Que faire si les soignants frontaliers sont réquisitionnés ?

Si le risque de voir le personnel soignant étranger bloqué à la frontière semblait écarté ce vendredi, le risque d’une pénurie du personnel soignant reste pourtant bien réel. Face au nombre élevé de nouveaux patients infectés, la France a déjà commencé à réquisitionner du personnel médical dans certaines régions pour les forcer à retourner en France. «Si cette mesure touchait aussi les infirmiers, le Luxembourg serait dans une situation très délicate», explique Marie-Lise Lair.

L’experte espère qu’on pourra éviter une telle situation et que le Luxembourg pourra continuer à compter sur les frontaliers qui, depuis des années, investissent leur travail et leur énergie pour aider à soigner la population du Luxembourg.

(Photo: Mike Zenari)

«Cela nous fait bien sûr des soucis »,a avoué le Premier ministre, Xavier Bettel (DP), mercredi. Il a pourtant tenu à rassurer la population luxembourgeoise. «Les responsables français au plus haut niveau ont tout à fait conscience de ce que représenterait pour le Luxembourg un réquisitionnement (de nos frontaliers) pour la Lorraine». Pour Bettel, ce pas équivaudrait à «la décision, de laisser étouffer et mourir son voisin (…) et je ne pense pas que cela se fera.» Il dit avoir «obtenu des garanties» à cet égard, sans pour autant donner de précisions.

Les hôpitaux de la région Grand Est qui comprend la Lorraine font actuellement face à des défis majeurs et un fort afflux de patients infectés par le Covid-19.

En cas de réquisitionnement, il y aurait toutefois des pistes qui pourraient au moins être un début de solution. «On pourrait rappeler du personnel soignant et des médecins qui sont en retraite», dit Marie-Lise Lair. Notons aussi les points positifs: 66% des médecins spécialistes résident au Luxembourg et 56% du personnel soignant et des infirmiers urgentistes habitent également sur le territoire luxembourgeois.

Beaucoup de solidarité entre le personnel soignant

Autre facteur à considérer: le personnel des hôpitaux est quotidiennement exposé aux patients infectés et risque donc la contagion et des absences du travail pour cause de maladie.

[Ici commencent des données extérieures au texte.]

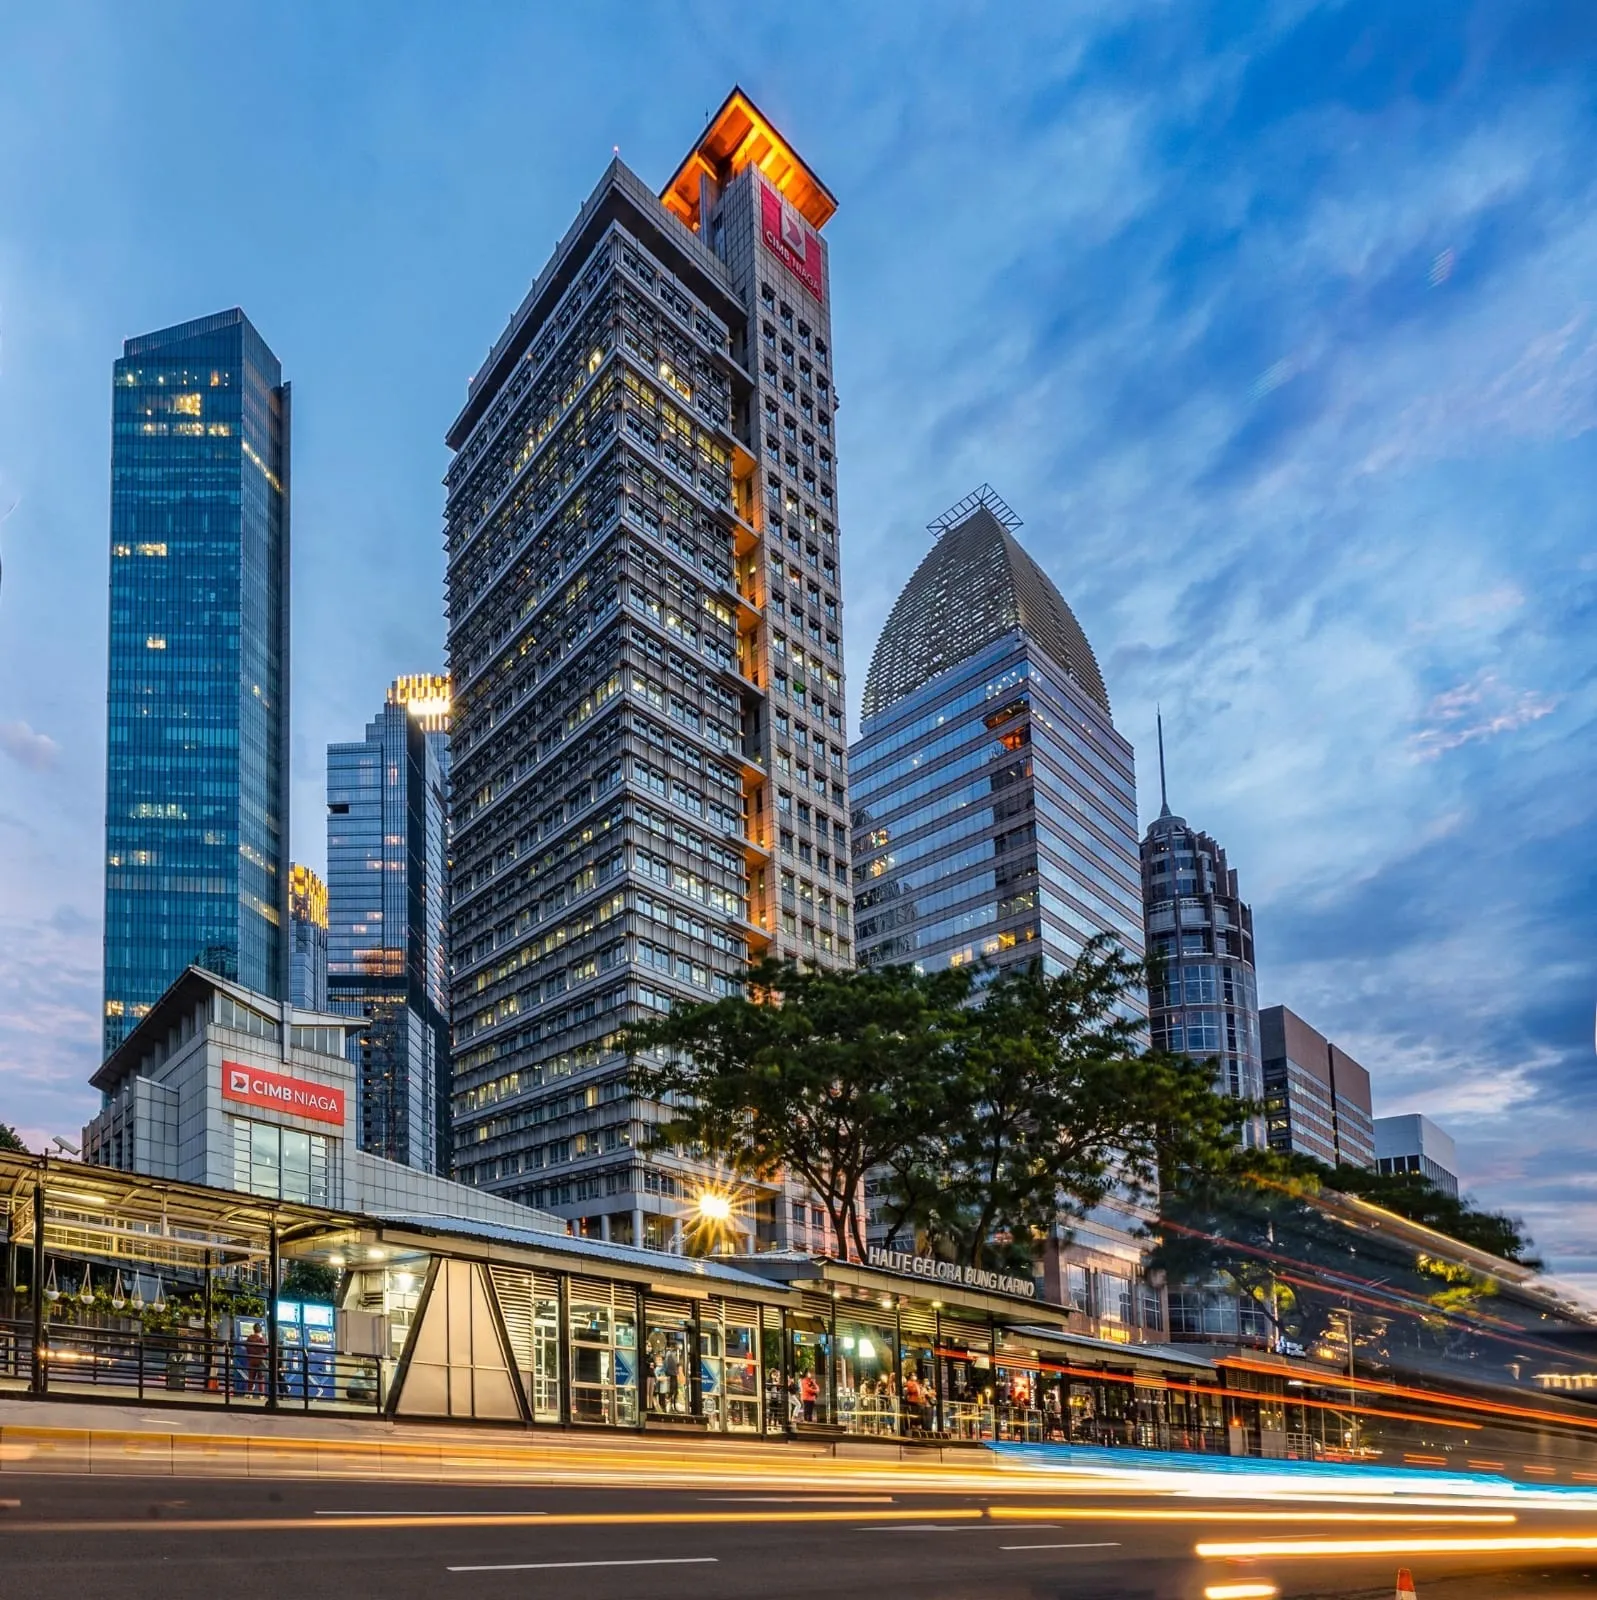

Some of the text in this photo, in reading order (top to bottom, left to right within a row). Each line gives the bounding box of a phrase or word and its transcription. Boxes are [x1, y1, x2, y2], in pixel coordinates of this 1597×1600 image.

Le directeur général du CHL, Dr. Romain Nati, a indiqué à nos confrères de 100,7 qu’il y a pour l’instant très peu d’absences de personnel. Face au besoin de s’occuper de leurs enfants scolarisés à domicile, très peu de personnes auraient pris le congé pour raisons familiales. «Le personnel soignant est très solidaire au Luxembourg», a-t-il indiqué.

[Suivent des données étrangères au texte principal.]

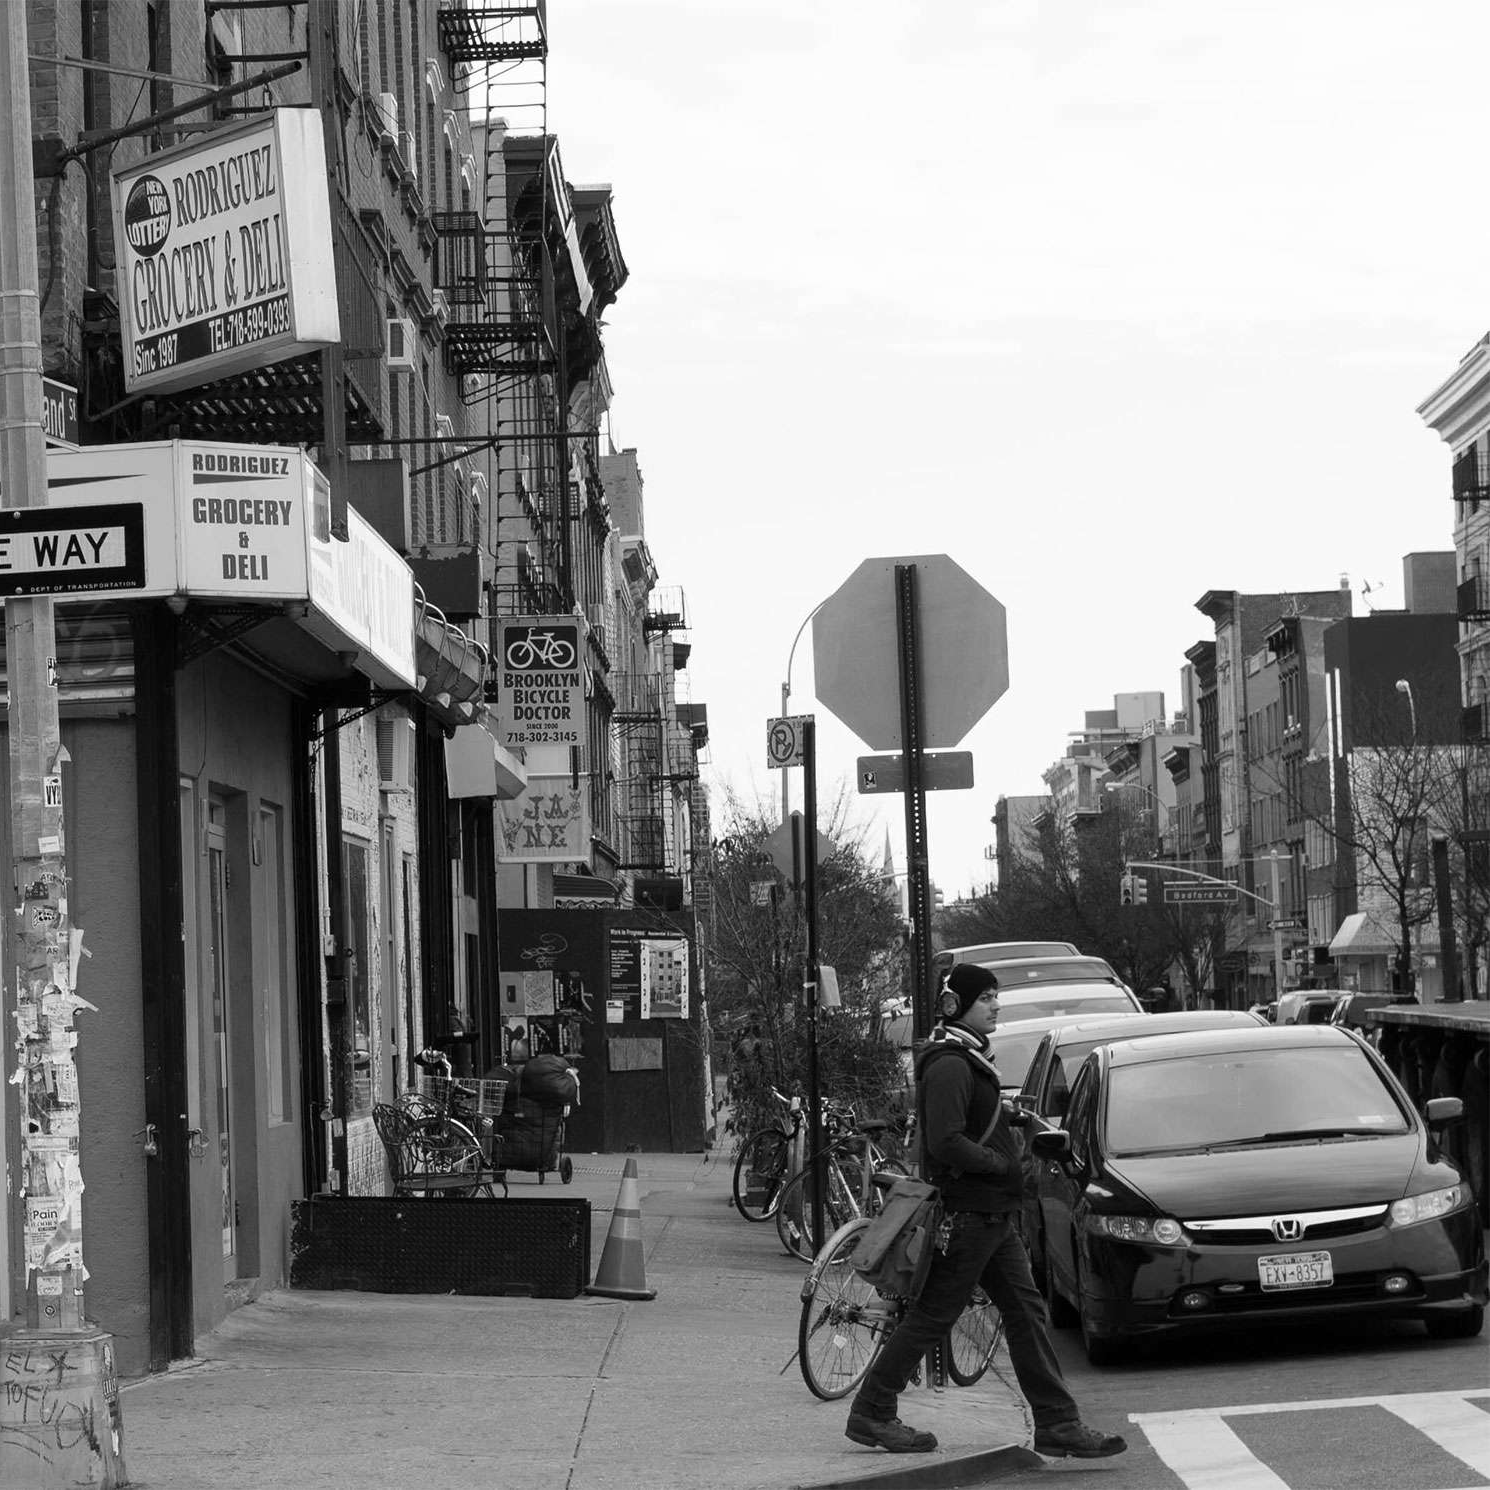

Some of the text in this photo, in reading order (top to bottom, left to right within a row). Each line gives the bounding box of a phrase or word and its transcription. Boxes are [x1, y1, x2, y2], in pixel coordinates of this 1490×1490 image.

[145, 180, 163, 195] NEW
[173, 145, 275, 228] RODRIGUEZ
[147, 196, 167, 215] YORK
[128, 213, 170, 247] LOTTERY
[133, 213, 286, 335] GROCERY & DELI
[135, 334, 178, 376] Sinc 1987
[43, 391, 77, 441] and St
[193, 453, 289, 476] RODRIGUEZ
[193, 498, 292, 525] GROCERY
[33, 531, 109, 568] WAY
[239, 531, 250, 548] &
[222, 554, 268, 580] DELI
[67, 581, 137, 591] TRANSPORTATION
[504, 673, 579, 688] BROOKLYN
[513, 689, 570, 704] BICYCLE
[513, 706, 571, 720] DOCTOR
[507, 732, 577, 743] 718-302-3145
[33, 1210, 58, 1219] Pain

Il a précisé que les hôpitaux étaient bien préparés et qu’ils avaient mis en place de nombreuses mesures pour protéger le personnel, ainsi qu’une rotation permettant d’avoir du personnel de réserve en cas de besoin. «Si les mesures de précaution sont respectées par la population pour éviter la propagation du virus et si on arrive à étendre le nombre d’infections sur la durée, alors je suis confiant», souligne le directeur général du CHL.

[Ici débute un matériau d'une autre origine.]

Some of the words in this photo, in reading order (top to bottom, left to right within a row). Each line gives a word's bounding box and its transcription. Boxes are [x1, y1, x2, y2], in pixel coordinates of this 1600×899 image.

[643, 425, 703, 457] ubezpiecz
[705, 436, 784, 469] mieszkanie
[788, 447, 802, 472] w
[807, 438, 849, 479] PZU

«Le but est de s’assurer que le système de santé arrive à surmonter cette crise», a aussi précisé la ministre de la Santé.

Il est difficile de prédire le degré de complexité qu’atteindra la situation au Luxembourg. En s’alignant aux appels d’urgence de plusieurs médecins urgentistes et d’autres directeurs d’hôpitaux au Luxembourg, le Dr. Romain Nati avait écrit lundi dernier sur les réseaux sociaux: «C’est la guerre.» Ce mercredi 18 mars il a précisé à la radio: «C’est une guerre que nous allons gagner.»

En se calquant sur la terminologie de guerre, Dr. Romain Nati a précisé: «Ce qui n’est pas clair, c’est l’ampleur des dégâts qui seront causés d’ici la victoire de la guerre. Nous allons tout mettre en œuvre pour minimiser ces dégâts.»